The Vancouver-based athletic apparel and accessories firm reported quarterly earnings Wednesday after the market closed, revealing further gains on both top and bottom lines, while raising its full-year guidance. Shares of Lululemon shot up 13.2 percent to $431 in after-hours trading as a result.
“Our second-quarter results demonstrate the continued momentum across the business and how we are living into our Power of Three growth plan and Impact Agenda commitments,” Calvin McDonald, the firm’s chief executive officer, said in a statement. “We launched exciting new products, experienced strength across channels and geographies, and announced new partnerships that will allow us to become a leader in product sustainability. I’m inspired every day by our teams around the world for their continued enthusiasm, agility and commitment to the brand.”
For the three-month period ending Aug. 1, net revenues increased 61 percent to $1.5 billion, up from nearly $903 million during 2020’s second quarter. At company-operated stores, net revenues surged 142 percent to more than $695 million. But direct-to-consumer sales, which includes e-commerce, also increased, up 8 percent in the quarter to $597 million.
By region, revenues in North America rose 63 percent, while revenues internationally increased 49 percent.
McDonald told analysts on a conference call that Lululemon is on track to surpass its 2023 revenue targets by the end of this year while also doubling the e-commerce business and likely doubling the men’s business this year.
“We are playing the long game and have much to unlock in the coming years,” the CEO said.
The company logged $208 million in profits as a result, up from $86 million the same time last year.
In addition, Lululemon now expects current quarter net revenues to be in the range of $1.4 billion and $1.43 billion, with diluted earnings per share between $1.28 and $1.33 apiece for the quarter. For the full year, the firm anticipates net revenues between approximately $6.19 billion and $6.26 billion, with diluted earnings per share between $7.16 and $7.26 each for the year.
“Our performance in [the second quarter] was driven by a strong response to our product offering, improving productivity in our stores and sustained strength in e-commerce,” said Meghan Frank, Lululemon’s chief financial officer. “While we continue to navigate the COVID-19 environment, including supply chain headwinds, I’m excited with our momentum as we head into the second half of the year and pleased to be able to increase our guidance.”
Executives on the call acknowledged some headwinds along the supply chain, including increased costs, but said the company is taking precautions to mitigate risks, expanding its sourcing base and using air freight to move shipments.
“Air freight is a muscle that as a growth company we often leverage,” Frank said.
The retailer opened 11 new company-operated stores in the last three months, ending the quarter with 534 units. In June, the company said it planned to open between 45 and 55 new retail locations in fiscal year 2021, taking advantage of reduced occupancy rates.
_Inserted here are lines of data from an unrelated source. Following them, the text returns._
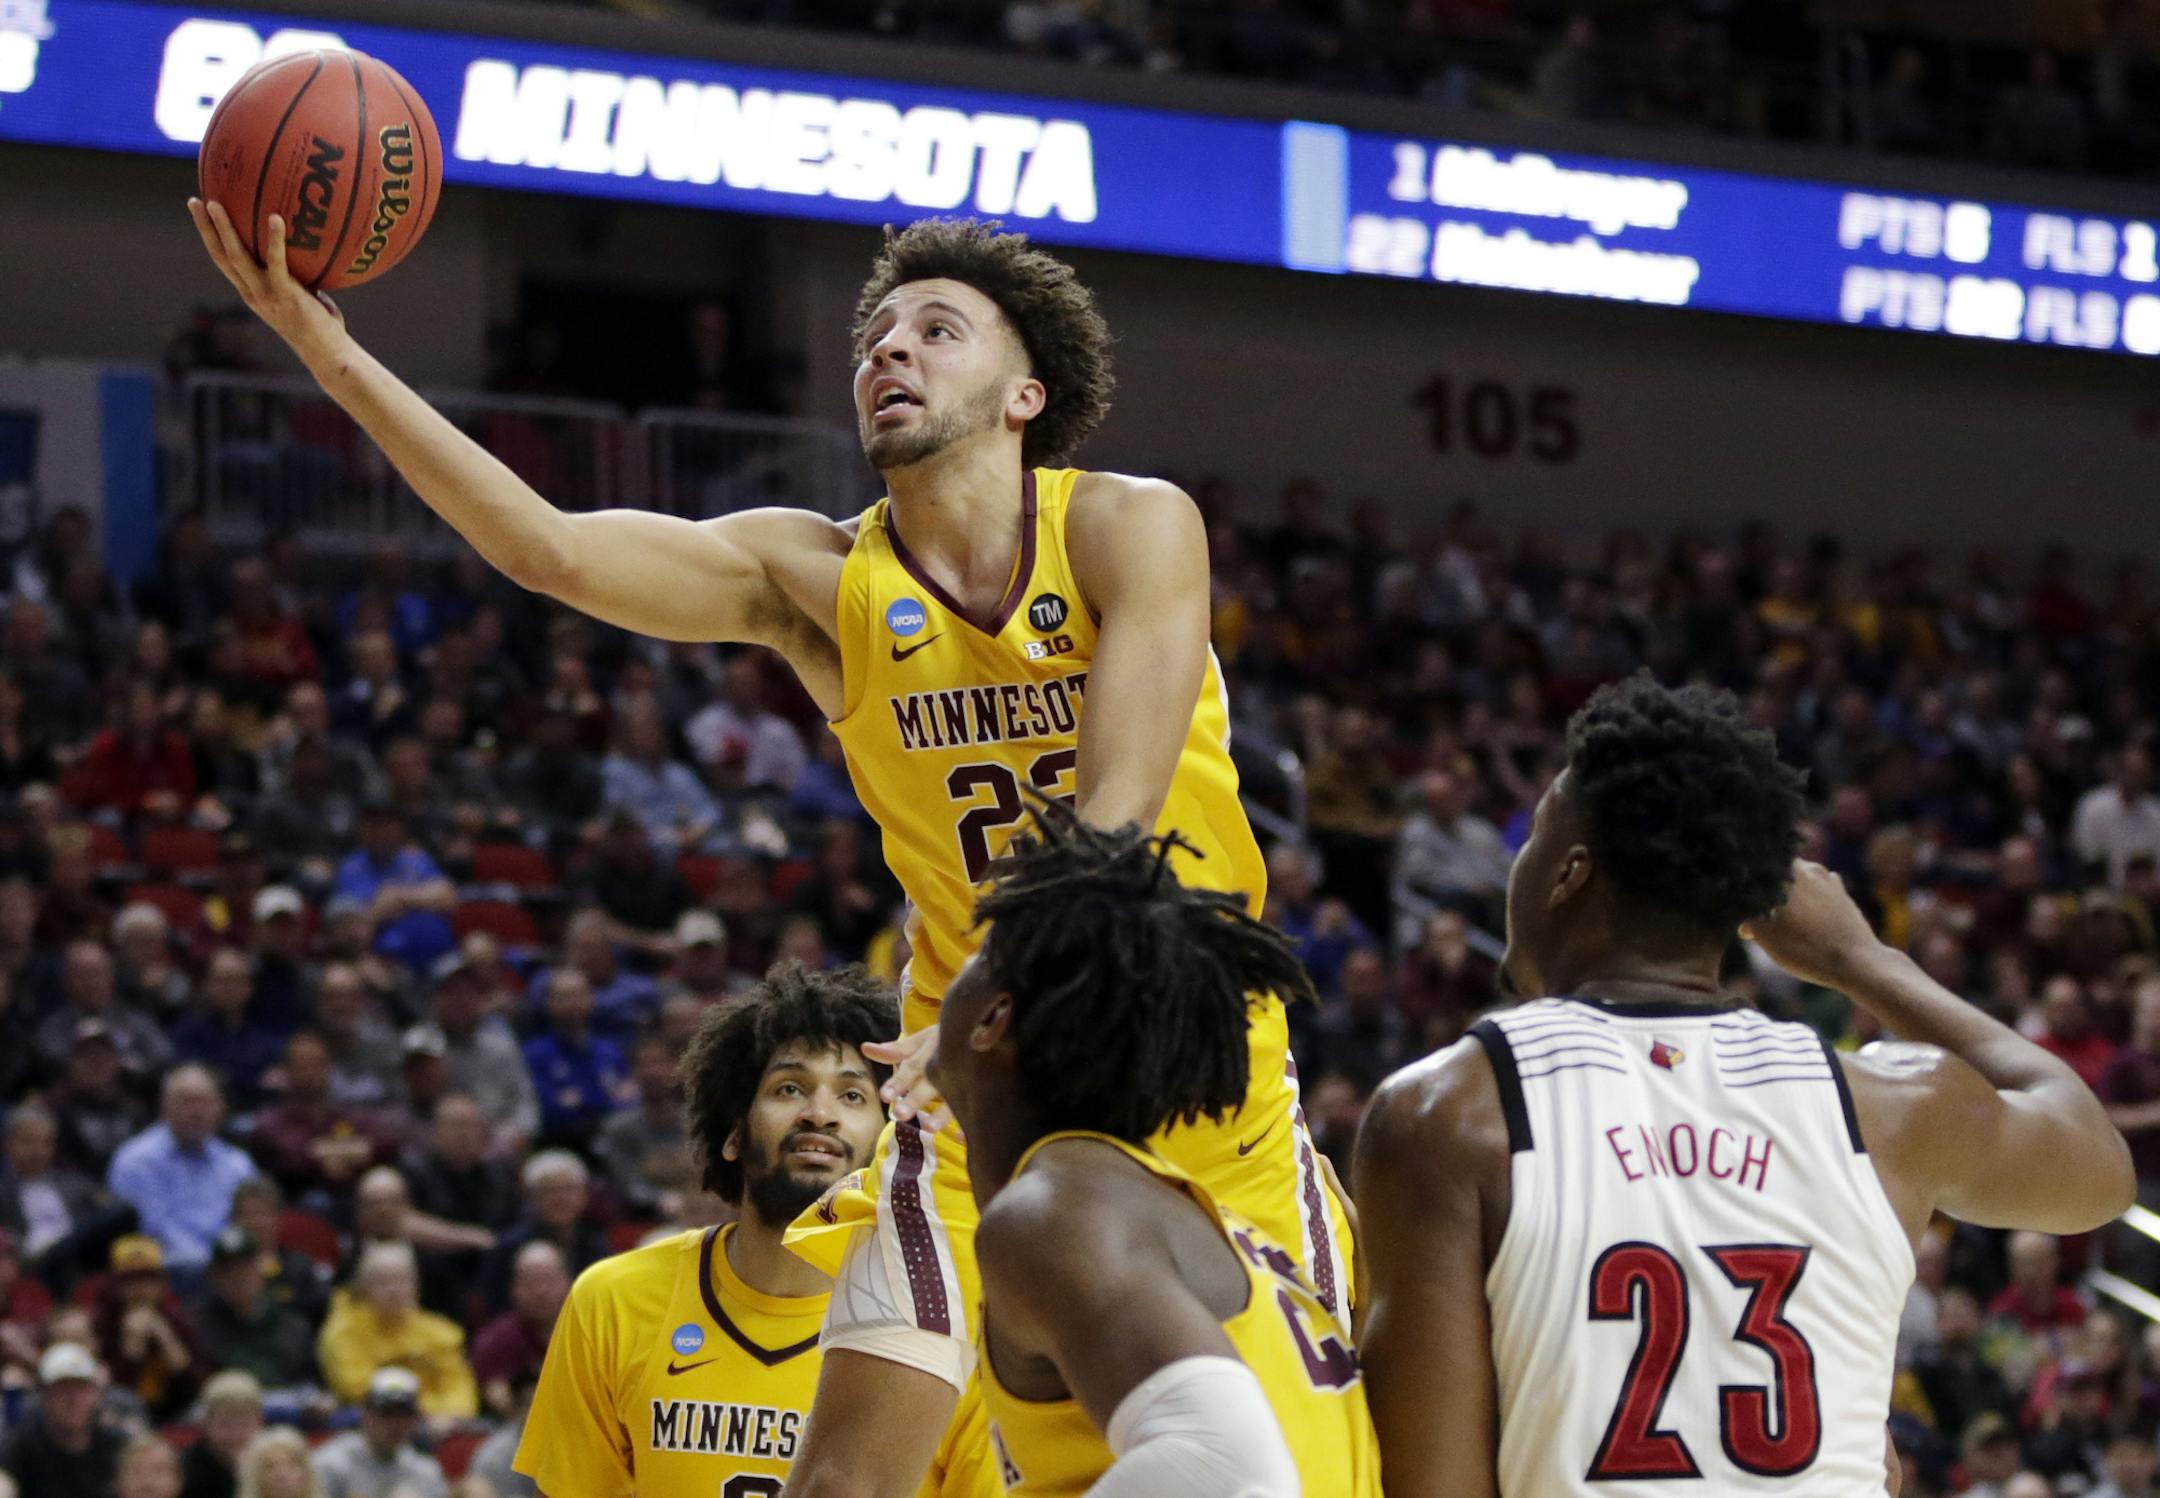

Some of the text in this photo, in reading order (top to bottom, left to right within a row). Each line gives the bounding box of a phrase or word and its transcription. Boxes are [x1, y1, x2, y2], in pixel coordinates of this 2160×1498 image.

[455, 58, 1098, 223] MINNESOTA
[286, 134, 345, 252] NCAA
[346, 121, 414, 275] Wilson
[1409, 375, 1581, 464] 105
[891, 613, 924, 628] NCAA
[1032, 599, 1063, 627] TM
[1605, 1122, 1774, 1192] ENOCH
[1585, 1241, 1822, 1482] 23
[651, 1398, 808, 1461] MINNES
During the quarter, Lululemon revealed plans for its upcoming collection of yoga mats and bags made from mushrooms (which are coming in 2022). In addition to yoga apparel, McDonald called out bras as an opportunity for growth, as well as a way to increase loyalty among guests.
Last month, the company said it would increase its minimum wage to a new higher range of $15 and $17 an hour, depending on location, starting Sept. 27, for all store associates and Guest Education Center employees, or contact center employees, in North America. The retailer also has plans to hire more than 8,000 new team members in stores and at contact centers across North America for the holiday shopping season.
The firm ended the quarter with $1.17 billion in cash and cash equivalents. Shares of Lululemon, which closed down 1.5 percent to $380.85 Wednesday, are up 17.5 percent, year-over-year.